Problem description: What the answer must contain is every line of the records, exactly, with no pictures.

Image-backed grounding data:
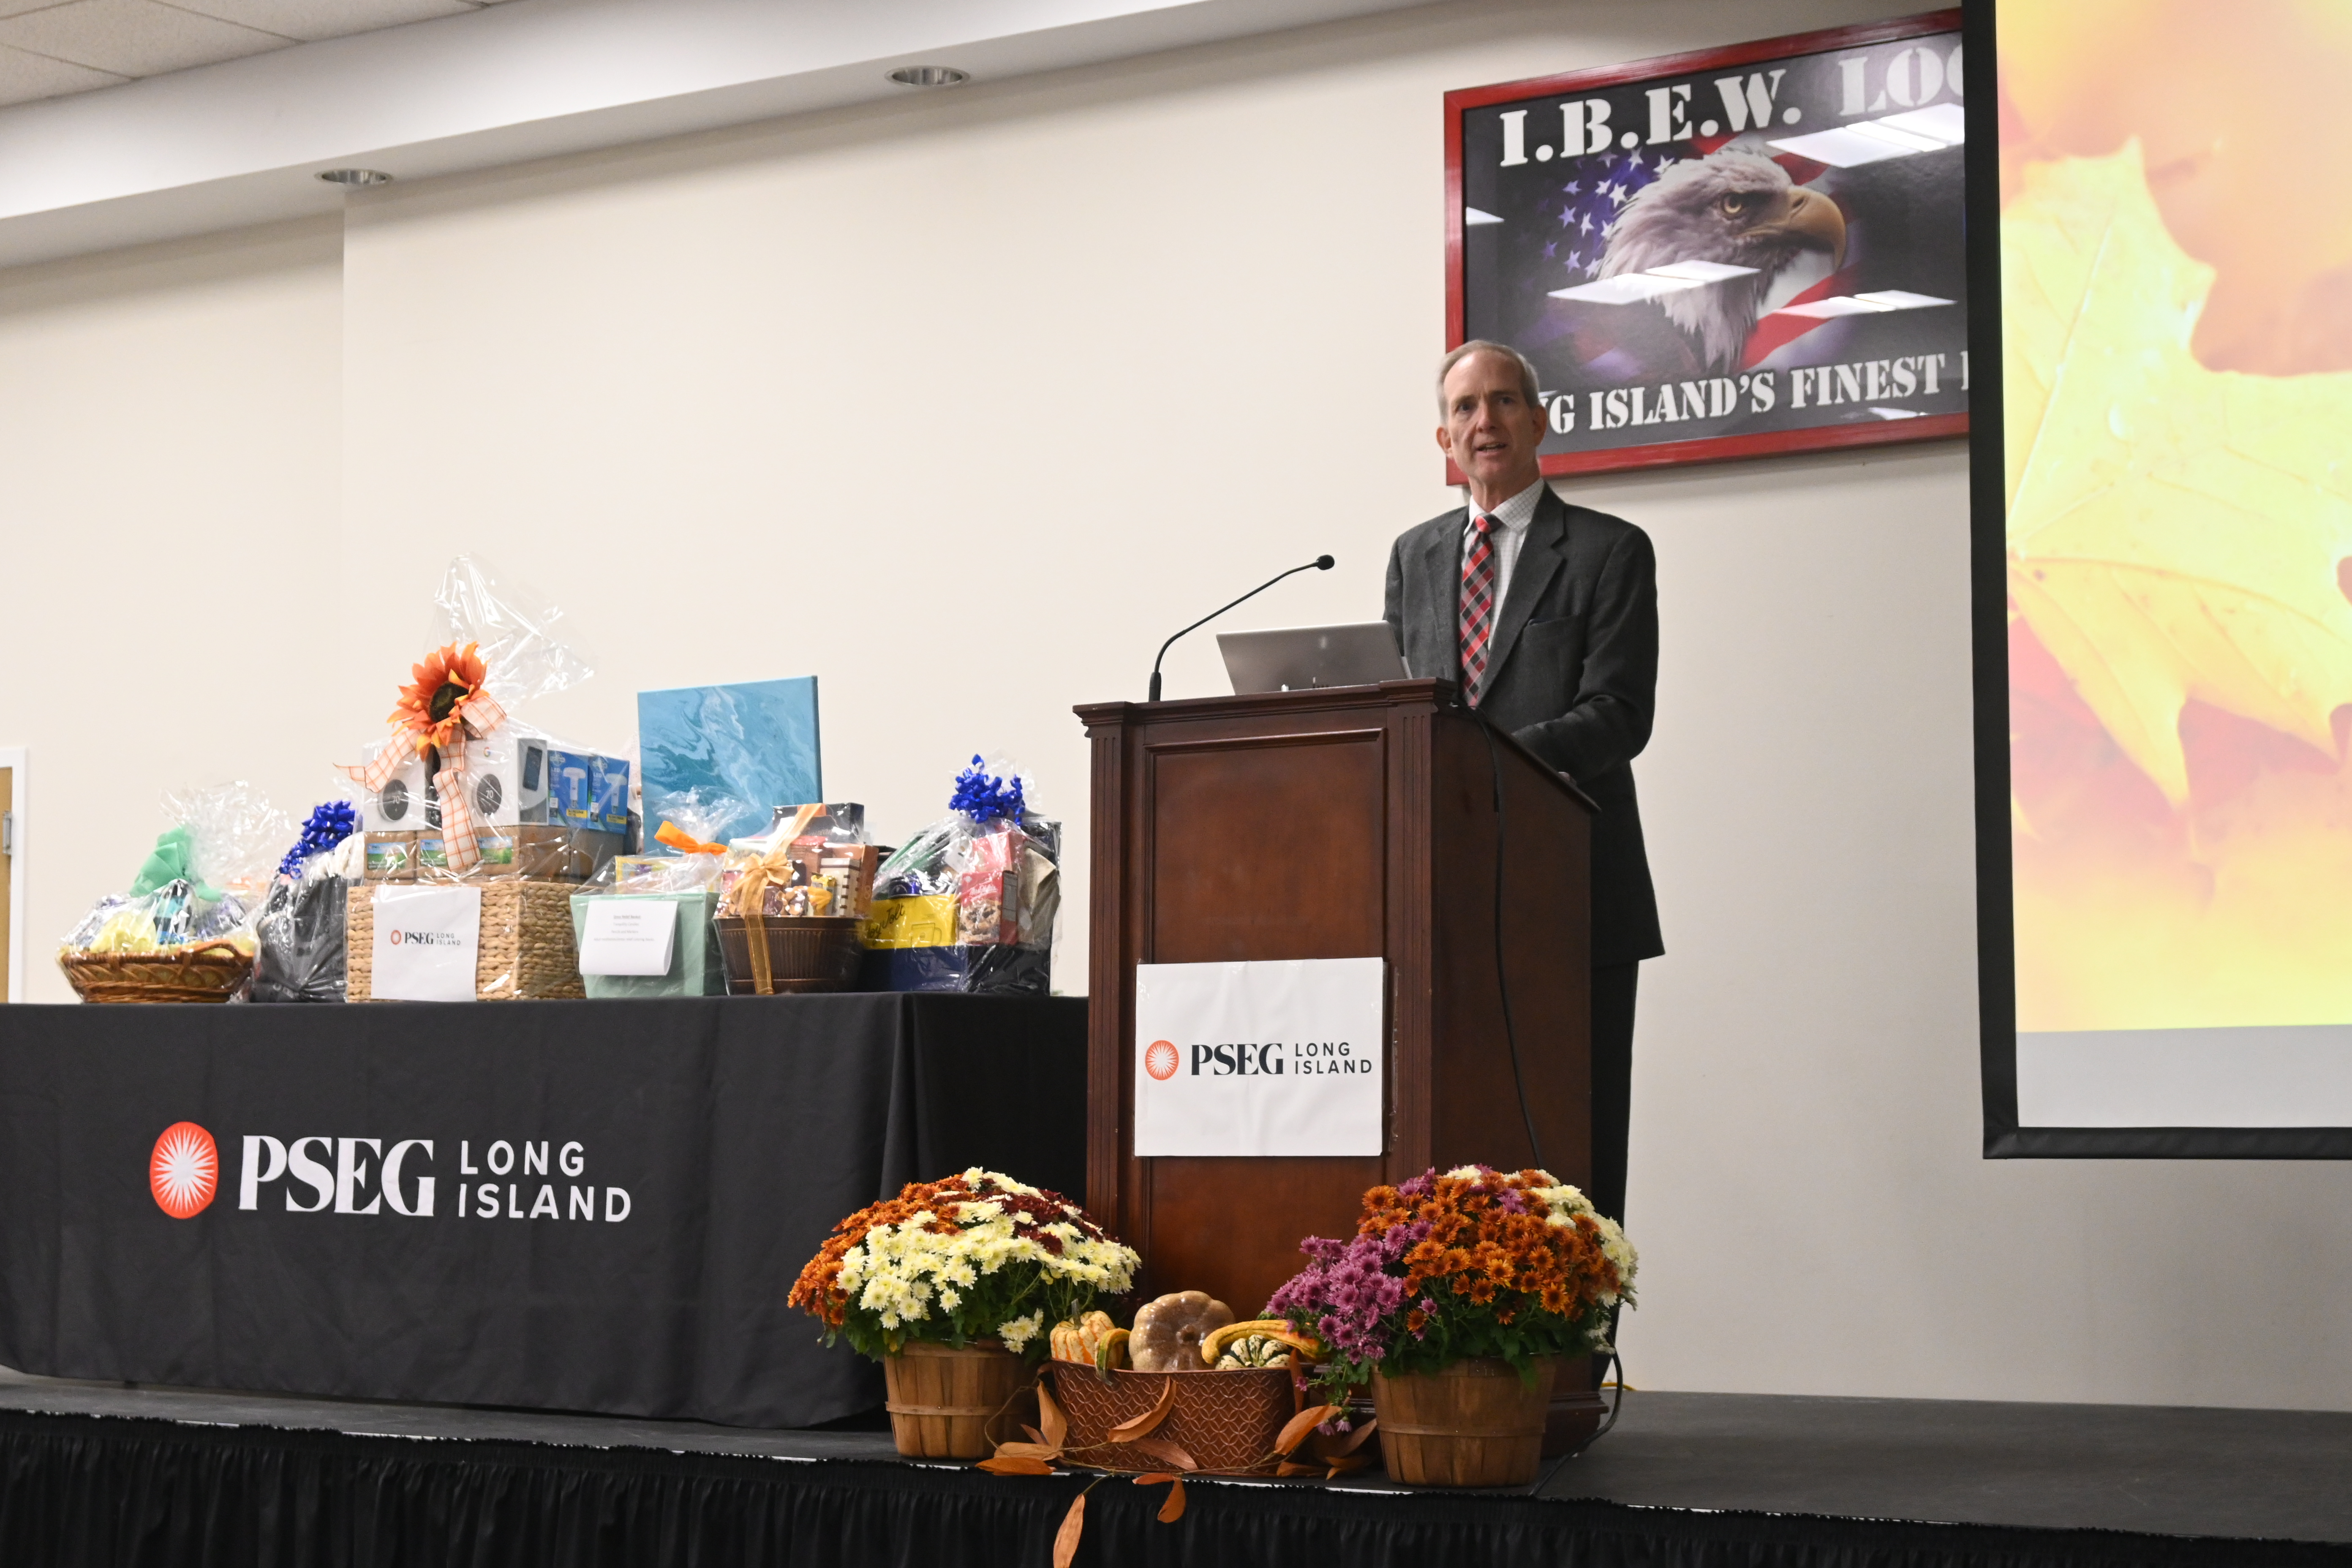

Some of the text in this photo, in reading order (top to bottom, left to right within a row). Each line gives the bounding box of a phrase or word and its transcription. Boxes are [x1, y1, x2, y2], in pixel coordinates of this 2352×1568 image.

[1500, 68, 1802, 167] I.B.E.W.
[1589, 372, 1774, 430] ISLAND'S
[1790, 353, 1945, 409] FINEST
[392, 795, 400, 804] 70
[486, 790, 494, 798] 70
[405, 932, 433, 945] PSEG
[1191, 1043, 1284, 1075] PSEG
[1295, 1042, 1350, 1057] LONG
[1295, 1059, 1372, 1075] ISLAND
[461, 1140, 585, 1177] LONG
[239, 1135, 435, 1217] PSEG
[458, 1183, 631, 1222] ISLAND
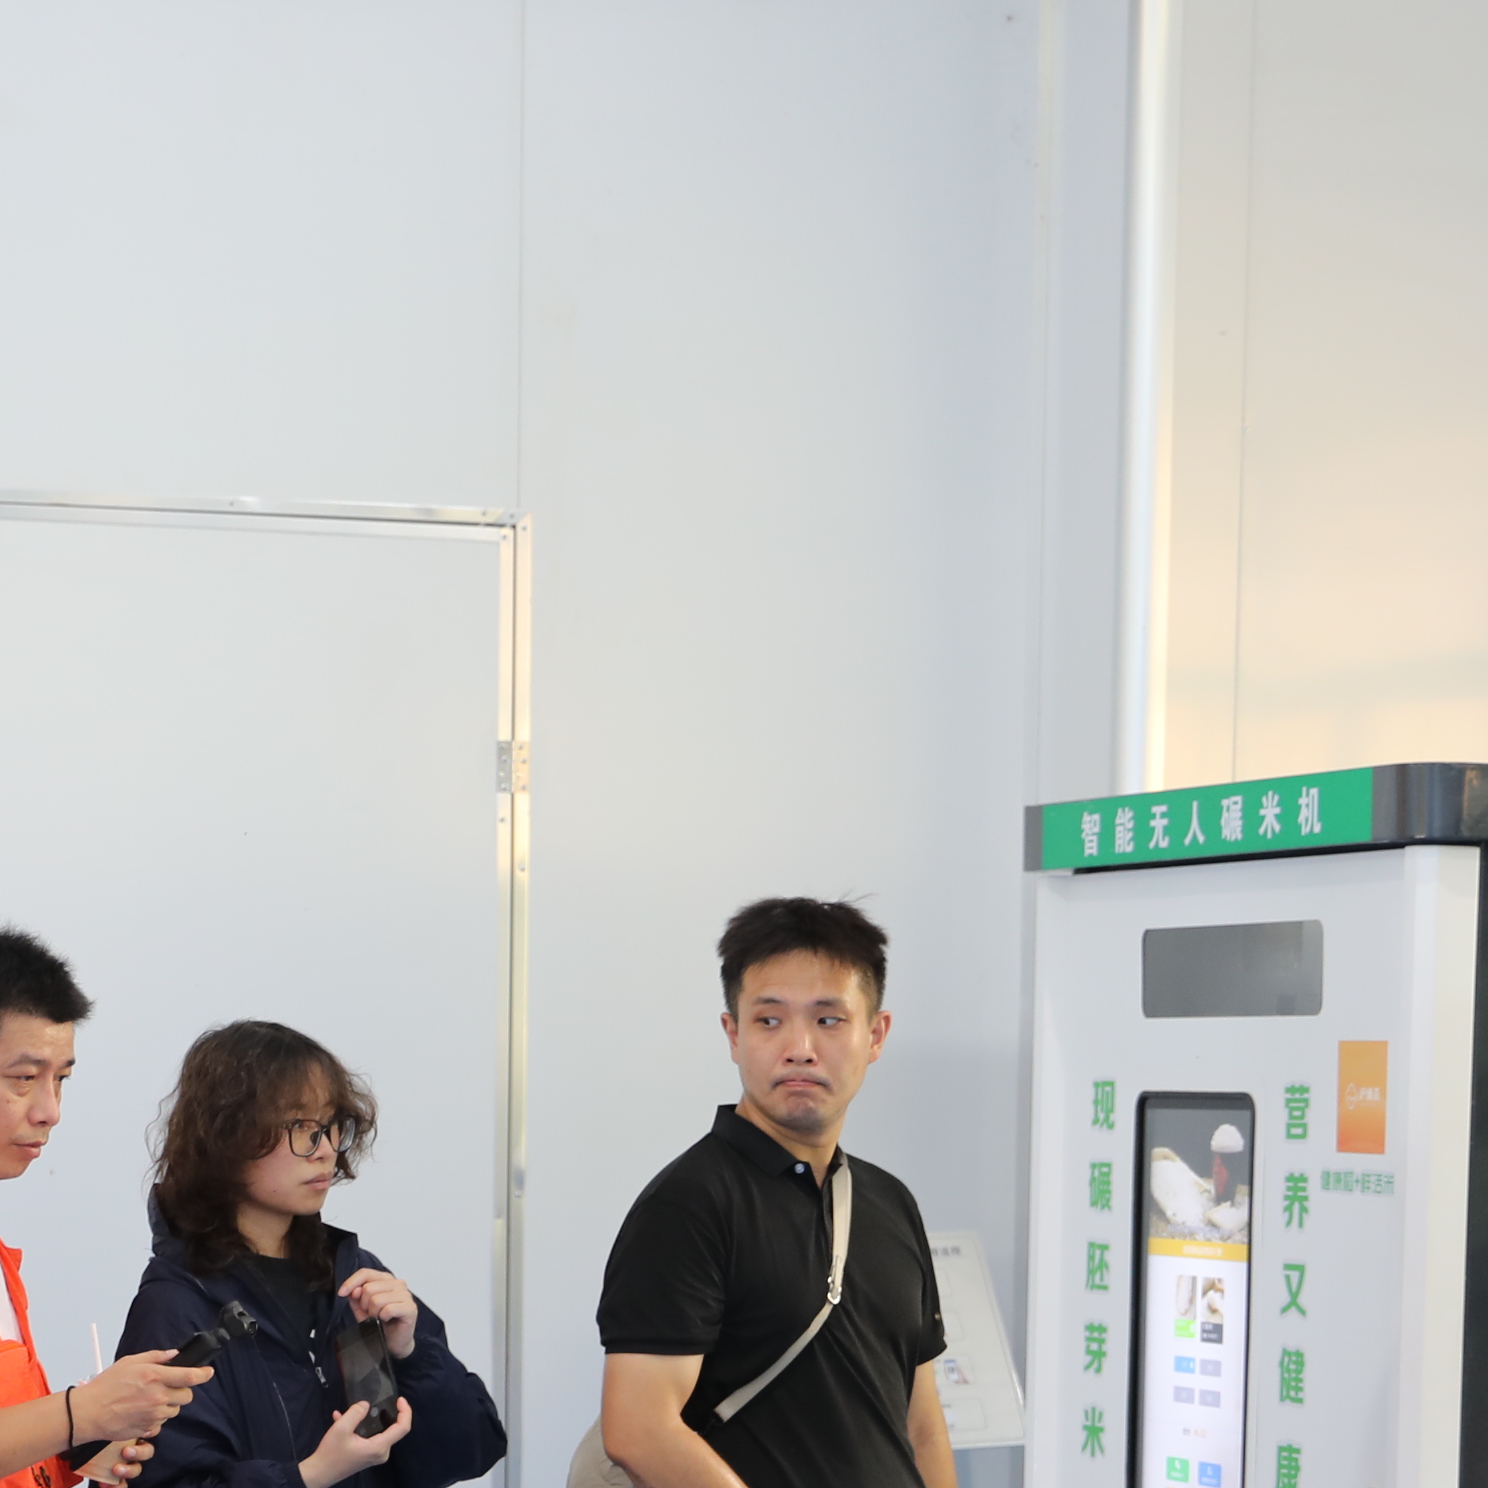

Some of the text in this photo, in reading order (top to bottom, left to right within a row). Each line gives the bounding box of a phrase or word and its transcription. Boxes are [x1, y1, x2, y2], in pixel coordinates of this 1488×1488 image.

[1080, 786, 1322, 857] 智能无人碾米机
[1080, 1080, 1116, 1458] 现碾胚芽米

Exercise response:
Some of the text in this photo, in reading order (top to bottom, left to right within a row). Each line gives the bounding box of a phrase or word and its transcription. Boxes are [x1, y1, x2, y2], in pixel coordinates of this 2352×1568 image.

[1500, 68, 1802, 167] I.B.E.W.
[1589, 372, 1774, 430] ISLAND'S
[1790, 353, 1945, 409] FINEST
[392, 795, 400, 804] 70
[486, 790, 494, 798] 70
[405, 932, 433, 945] PSEG
[1191, 1043, 1284, 1075] PSEG
[1295, 1042, 1350, 1057] LONG
[1295, 1059, 1372, 1075] ISLAND
[461, 1140, 585, 1177] LONG
[239, 1135, 435, 1217] PSEG
[458, 1183, 631, 1222] ISLAND

Some of the text in this photo, in reading order (top to bottom, left to right within a row). Each line gives the bounding box of a phrase or word and its transcription. Boxes are [x1, y1, x2, y2], in pixel coordinates of this 1488×1488 image.

[1080, 786, 1322, 857] 智能无人碾米机
[1080, 1080, 1116, 1458] 现碾胚芽米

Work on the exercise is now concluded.